◆ Task goal: Transcribe the whole listing below without changing a word, but leave out every image.

◆ Input:
▽
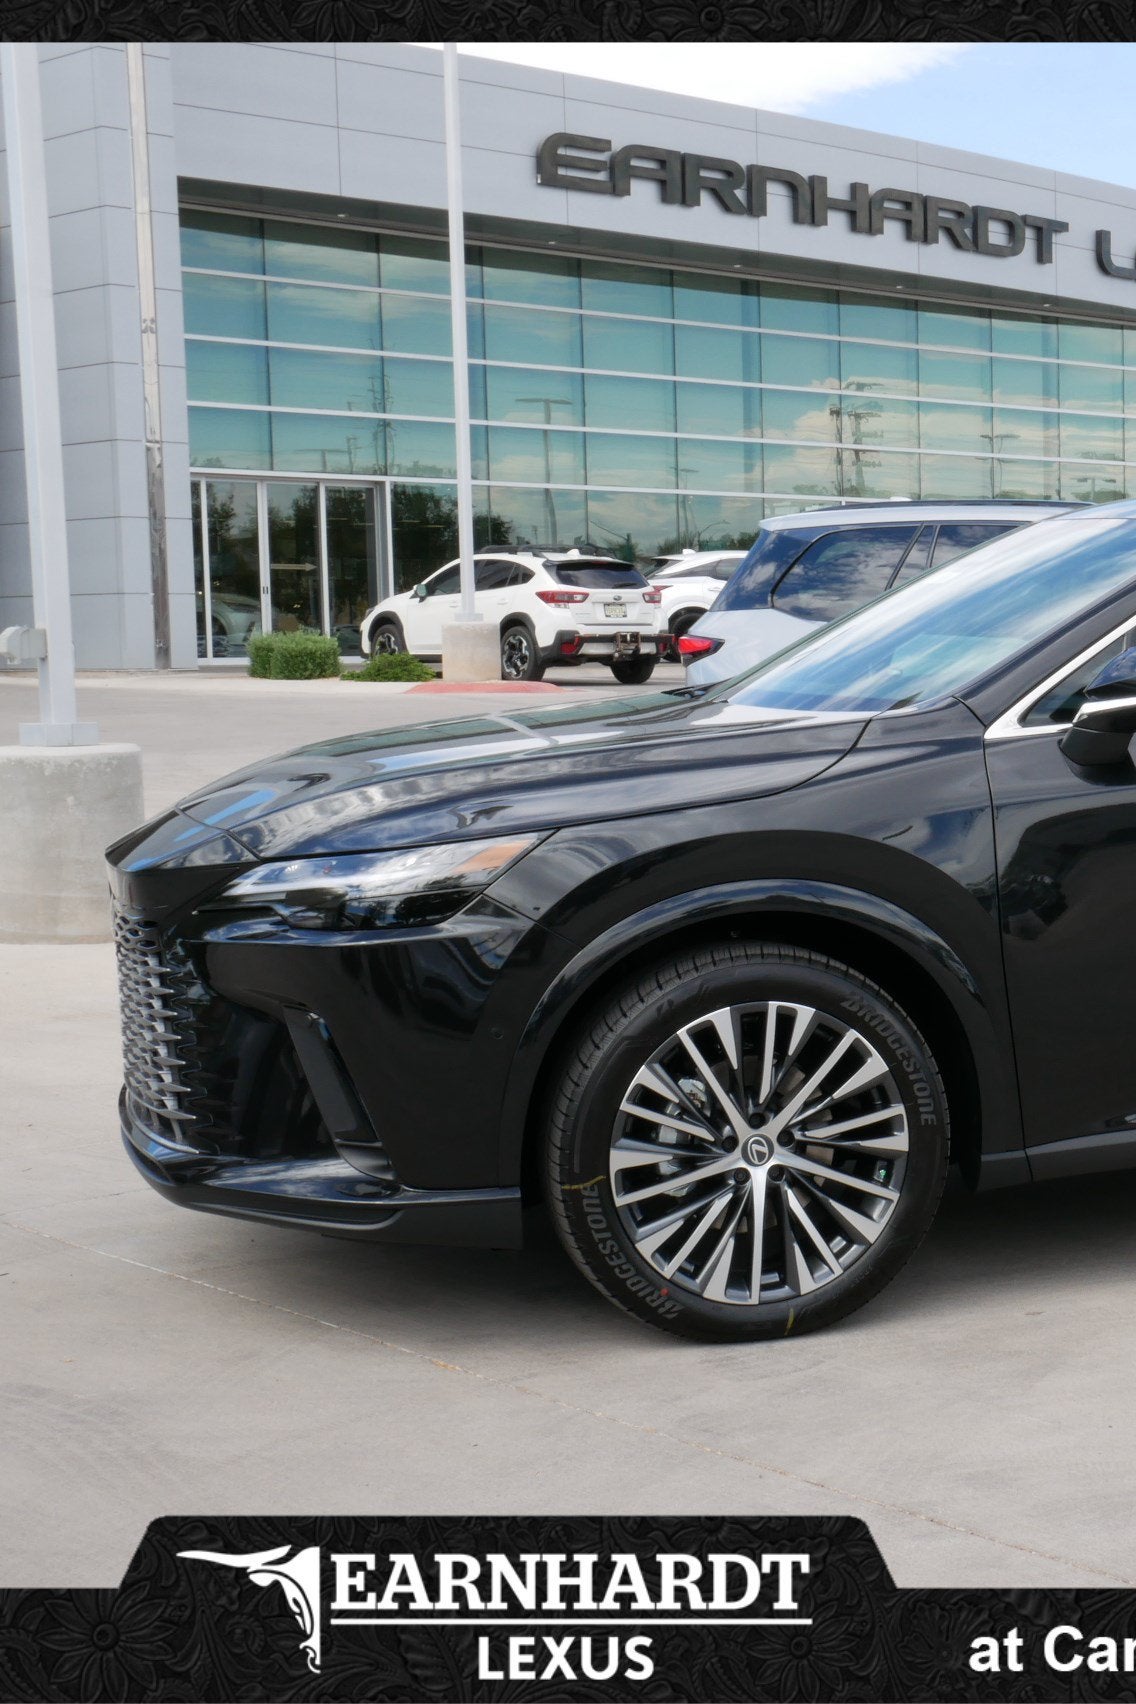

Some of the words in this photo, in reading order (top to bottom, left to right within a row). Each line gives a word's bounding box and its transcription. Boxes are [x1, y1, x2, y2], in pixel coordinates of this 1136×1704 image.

[536, 132, 1069, 265] EARNHARDT
[840, 994, 937, 1126] BRIDGESTONE
[582, 1184, 685, 1319] BRIDGESTONE
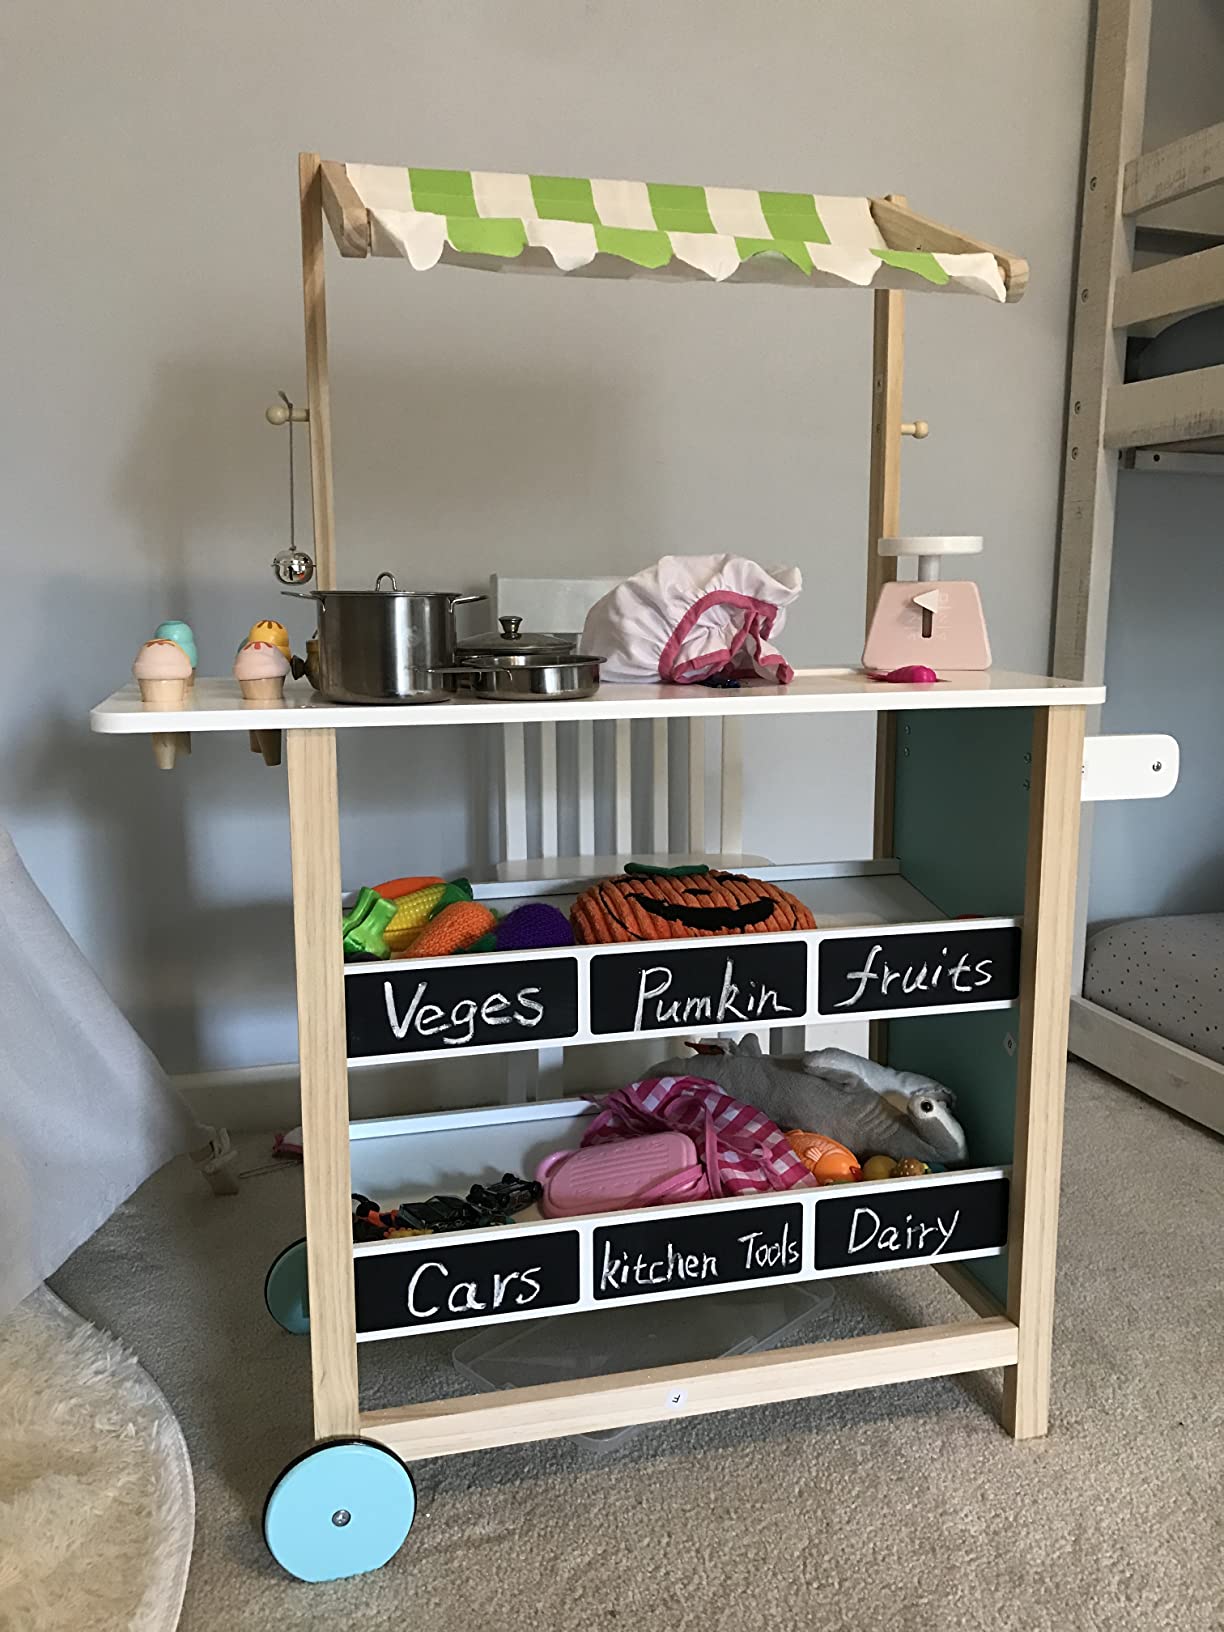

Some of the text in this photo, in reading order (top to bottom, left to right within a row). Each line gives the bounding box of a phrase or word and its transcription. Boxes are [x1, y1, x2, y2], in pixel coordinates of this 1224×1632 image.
△
◆ Solution below:
Some of the words in this photo, in reading order (top to bottom, left to right within a row). Each line gives a word's bounding box and its transcription. Boxes are [x1, y1, x2, y2], in pixel coordinates of this 1136×1704 image.

[536, 132, 1069, 265] EARNHARDT
[840, 994, 937, 1126] BRIDGESTONE
[582, 1184, 685, 1319] BRIDGESTONE

Some of the text in this photo, in reading order (top to bottom, left to right within a row). Each line gives the bounding box of a phrase or word and its transcription. Boxes are [x1, y1, x2, y2], in pixel coordinates of this 1224×1632 image.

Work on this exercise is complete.